### [THE TASK]
Reproduce the listing that follows character for character, excluding its pictures.

### [MATERIAL PROVIDED]
════════════════════

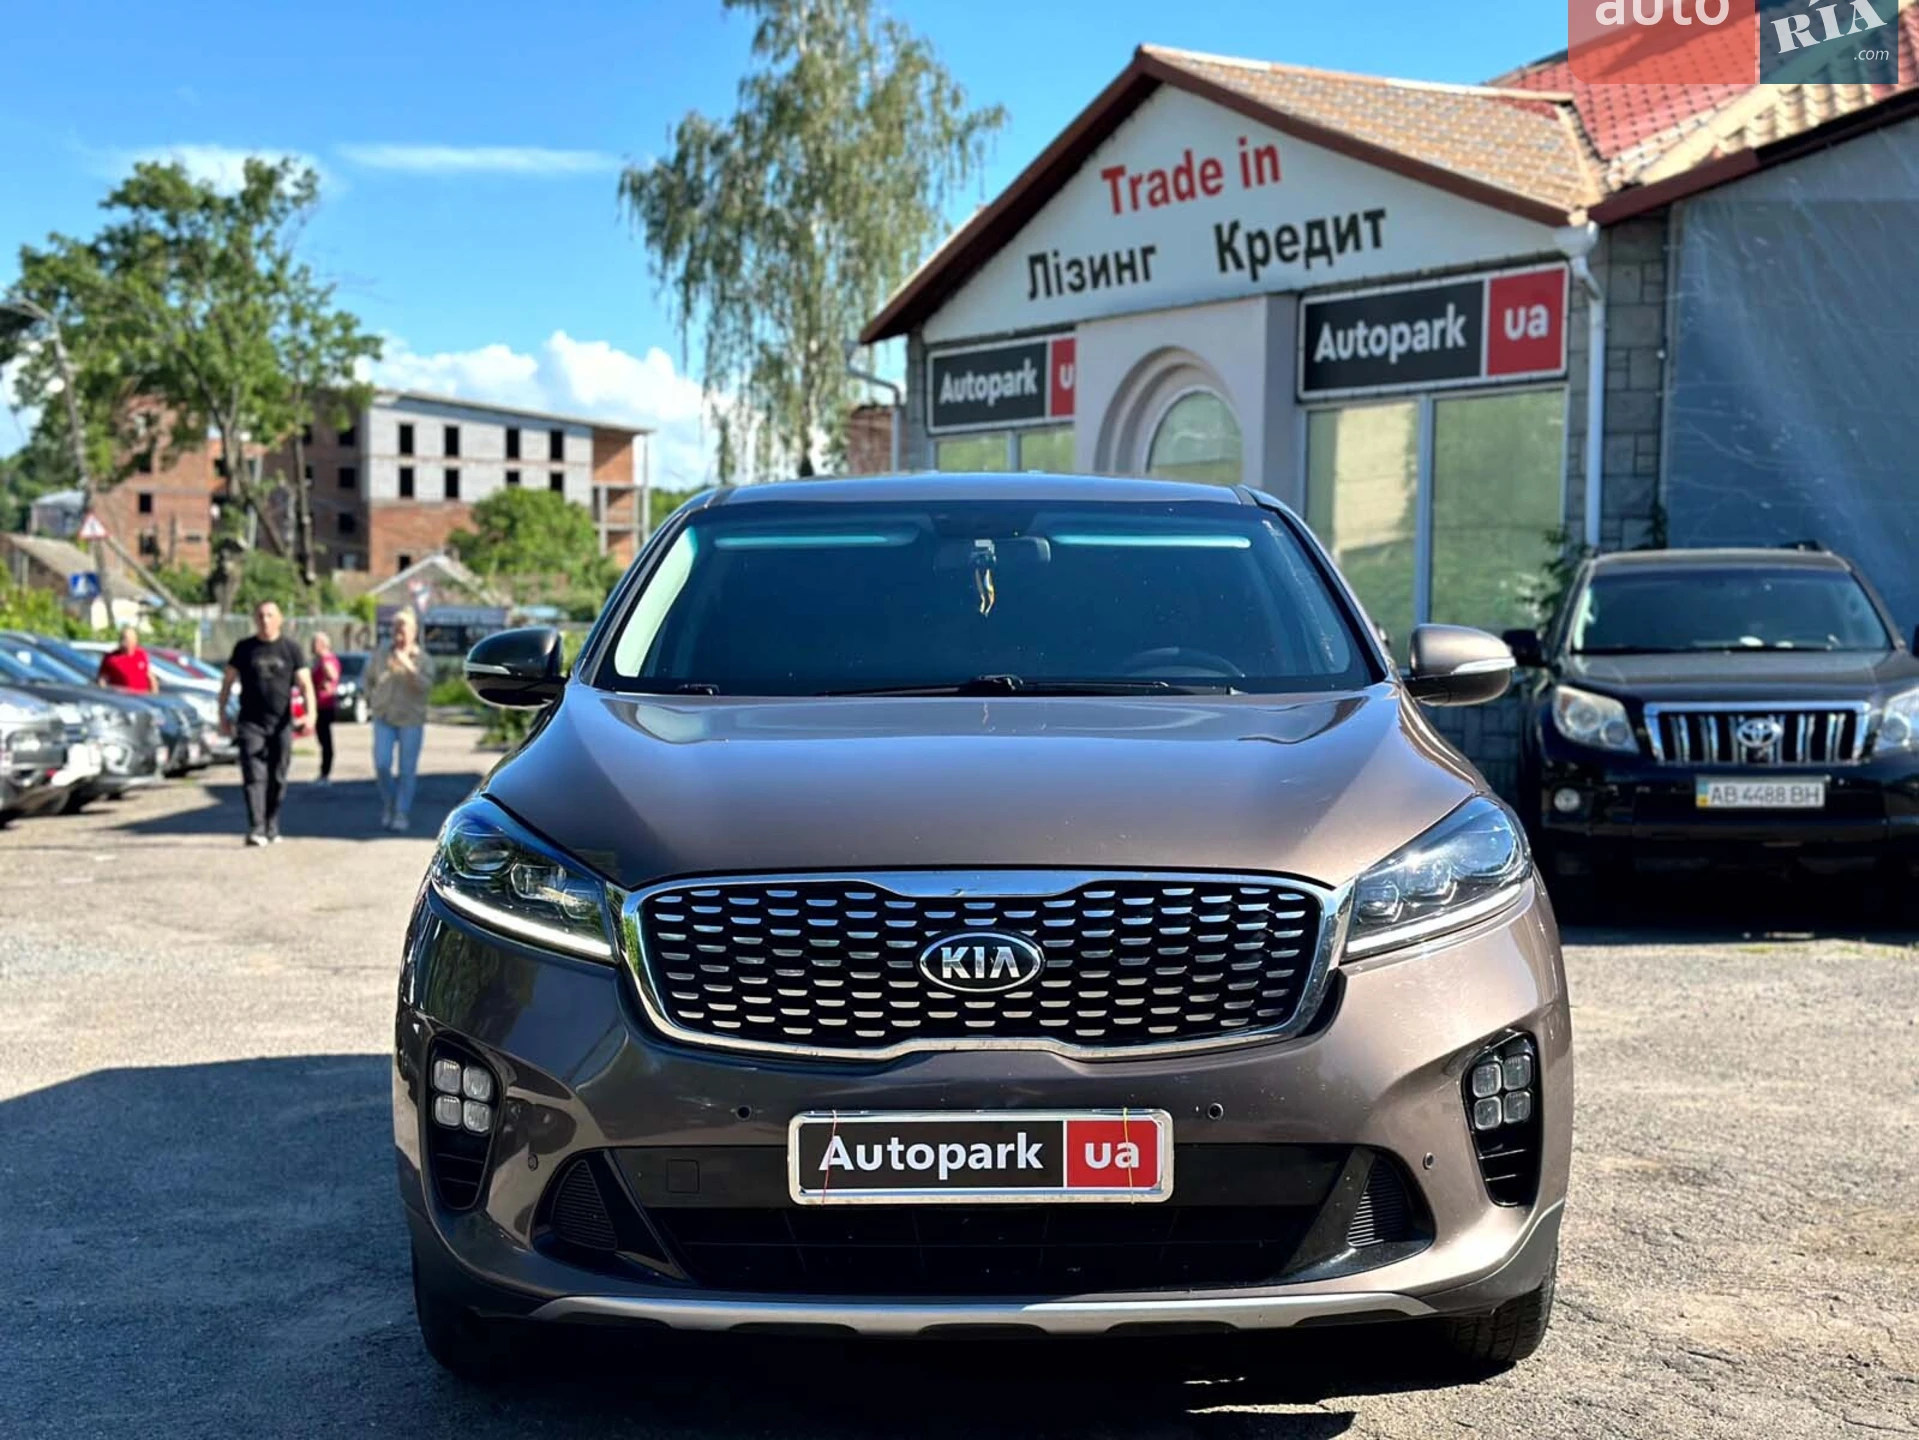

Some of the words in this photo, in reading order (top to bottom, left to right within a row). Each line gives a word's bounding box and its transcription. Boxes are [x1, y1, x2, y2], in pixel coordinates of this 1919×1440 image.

[1101, 149, 1224, 215] Trade
[1238, 137, 1282, 189] in
[1213, 208, 1387, 282] Кредит
[1027, 244, 1157, 301] Лізинг
[1314, 303, 1467, 364] Autopark
[1504, 303, 1549, 341] ua
[939, 358, 1038, 406] Autopark
[1059, 364, 1074, 391] u
[1711, 784, 1738, 804] AB
[1790, 784, 1820, 804] BH
[940, 946, 1020, 979] KIA
[818, 1132, 1044, 1181] Autopark
[1084, 1140, 1140, 1169] ua

════════════════════

### [TASK RESULT]
Some of the words in this photo, in reading order (top to bottom, left to right within a row). Each line gives a word's bounding box and its transcription. Boxes are [x1, y1, x2, y2], in pixel coordinates of this 1919×1440 image.

[1101, 149, 1224, 215] Trade
[1238, 137, 1282, 189] in
[1213, 208, 1387, 282] Кредит
[1027, 244, 1157, 301] Лізинг
[1314, 303, 1467, 364] Autopark
[1504, 303, 1549, 341] ua
[939, 358, 1038, 406] Autopark
[1059, 364, 1074, 391] u
[1711, 784, 1738, 804] AB
[1790, 784, 1820, 804] BH
[940, 946, 1020, 979] KIA
[818, 1132, 1044, 1181] Autopark
[1084, 1140, 1140, 1169] ua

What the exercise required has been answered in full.